=== Information supplied ===

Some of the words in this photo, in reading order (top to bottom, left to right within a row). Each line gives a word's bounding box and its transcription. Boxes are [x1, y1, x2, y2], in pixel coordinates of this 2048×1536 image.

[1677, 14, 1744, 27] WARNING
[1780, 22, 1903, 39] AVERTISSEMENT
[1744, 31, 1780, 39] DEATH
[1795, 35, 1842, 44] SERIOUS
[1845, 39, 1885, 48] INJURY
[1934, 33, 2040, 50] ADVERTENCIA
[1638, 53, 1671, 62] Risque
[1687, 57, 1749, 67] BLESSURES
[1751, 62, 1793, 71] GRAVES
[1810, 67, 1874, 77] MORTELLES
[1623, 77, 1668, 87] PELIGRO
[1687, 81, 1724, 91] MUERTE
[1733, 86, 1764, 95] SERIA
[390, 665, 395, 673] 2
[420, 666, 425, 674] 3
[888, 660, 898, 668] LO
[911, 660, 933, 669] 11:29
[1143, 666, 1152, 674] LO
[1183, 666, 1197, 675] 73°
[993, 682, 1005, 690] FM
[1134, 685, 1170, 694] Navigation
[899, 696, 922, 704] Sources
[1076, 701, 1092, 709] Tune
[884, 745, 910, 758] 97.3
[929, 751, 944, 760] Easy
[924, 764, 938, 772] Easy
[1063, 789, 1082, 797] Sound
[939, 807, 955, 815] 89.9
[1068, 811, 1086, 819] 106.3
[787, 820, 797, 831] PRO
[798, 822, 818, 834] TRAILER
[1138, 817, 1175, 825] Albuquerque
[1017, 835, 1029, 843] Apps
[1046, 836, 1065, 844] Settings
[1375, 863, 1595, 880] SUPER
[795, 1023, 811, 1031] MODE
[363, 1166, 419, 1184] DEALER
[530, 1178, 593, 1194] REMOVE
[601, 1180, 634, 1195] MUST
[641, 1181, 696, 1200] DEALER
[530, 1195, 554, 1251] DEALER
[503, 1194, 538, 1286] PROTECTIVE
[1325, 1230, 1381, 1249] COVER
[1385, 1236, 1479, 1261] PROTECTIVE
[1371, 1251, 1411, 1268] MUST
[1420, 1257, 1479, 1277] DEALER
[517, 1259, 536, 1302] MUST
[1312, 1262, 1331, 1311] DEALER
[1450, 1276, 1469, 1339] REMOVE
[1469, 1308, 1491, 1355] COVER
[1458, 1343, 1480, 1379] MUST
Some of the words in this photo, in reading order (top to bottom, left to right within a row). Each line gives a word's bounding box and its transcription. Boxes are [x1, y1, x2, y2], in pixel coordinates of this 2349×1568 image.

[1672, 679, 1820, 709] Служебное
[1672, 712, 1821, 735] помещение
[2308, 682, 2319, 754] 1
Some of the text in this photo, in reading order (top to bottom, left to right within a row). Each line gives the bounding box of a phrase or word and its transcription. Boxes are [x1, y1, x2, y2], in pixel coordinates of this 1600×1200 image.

===

Could you set down each entry above word for word?

Some of the words in this photo, in reading order (top to bottom, left to right within a row). Each line gives a word's bounding box and its transcription. Boxes are [x1, y1, x2, y2], in pixel coordinates of this 2048×1536 image.

[1677, 14, 1744, 27] WARNING
[1780, 22, 1903, 39] AVERTISSEMENT
[1744, 31, 1780, 39] DEATH
[1795, 35, 1842, 44] SERIOUS
[1845, 39, 1885, 48] INJURY
[1934, 33, 2040, 50] ADVERTENCIA
[1638, 53, 1671, 62] Risque
[1687, 57, 1749, 67] BLESSURES
[1751, 62, 1793, 71] GRAVES
[1810, 67, 1874, 77] MORTELLES
[1623, 77, 1668, 87] PELIGRO
[1687, 81, 1724, 91] MUERTE
[1733, 86, 1764, 95] SERIA
[390, 665, 395, 673] 2
[420, 666, 425, 674] 3
[888, 660, 898, 668] LO
[911, 660, 933, 669] 11:29
[1143, 666, 1152, 674] LO
[1183, 666, 1197, 675] 73°
[993, 682, 1005, 690] FM
[1134, 685, 1170, 694] Navigation
[899, 696, 922, 704] Sources
[1076, 701, 1092, 709] Tune
[884, 745, 910, 758] 97.3
[929, 751, 944, 760] Easy
[924, 764, 938, 772] Easy
[1063, 789, 1082, 797] Sound
[939, 807, 955, 815] 89.9
[1068, 811, 1086, 819] 106.3
[787, 820, 797, 831] PRO
[798, 822, 818, 834] TRAILER
[1138, 817, 1175, 825] Albuquerque
[1017, 835, 1029, 843] Apps
[1046, 836, 1065, 844] Settings
[1375, 863, 1595, 880] SUPER
[795, 1023, 811, 1031] MODE
[363, 1166, 419, 1184] DEALER
[530, 1178, 593, 1194] REMOVE
[601, 1180, 634, 1195] MUST
[641, 1181, 696, 1200] DEALER
[530, 1195, 554, 1251] DEALER
[503, 1194, 538, 1286] PROTECTIVE
[1325, 1230, 1381, 1249] COVER
[1385, 1236, 1479, 1261] PROTECTIVE
[1371, 1251, 1411, 1268] MUST
[1420, 1257, 1479, 1277] DEALER
[517, 1259, 536, 1302] MUST
[1312, 1262, 1331, 1311] DEALER
[1450, 1276, 1469, 1339] REMOVE
[1469, 1308, 1491, 1355] COVER
[1458, 1343, 1480, 1379] MUST
Some of the words in this photo, in reading order (top to bottom, left to right within a row). Each line gives a word's bounding box and its transcription. Boxes are [x1, y1, x2, y2], in pixel coordinates of this 2349×1568 image.

[1672, 679, 1820, 709] Служебное
[1672, 712, 1821, 735] помещение
[2308, 682, 2319, 754] 1
Some of the text in this photo, in reading order (top to bottom, left to right within a row). Each line gives the bounding box of a phrase or word and its transcription. Boxes are [x1, y1, x2, y2], in pixel coordinates of this 1600×1200 image.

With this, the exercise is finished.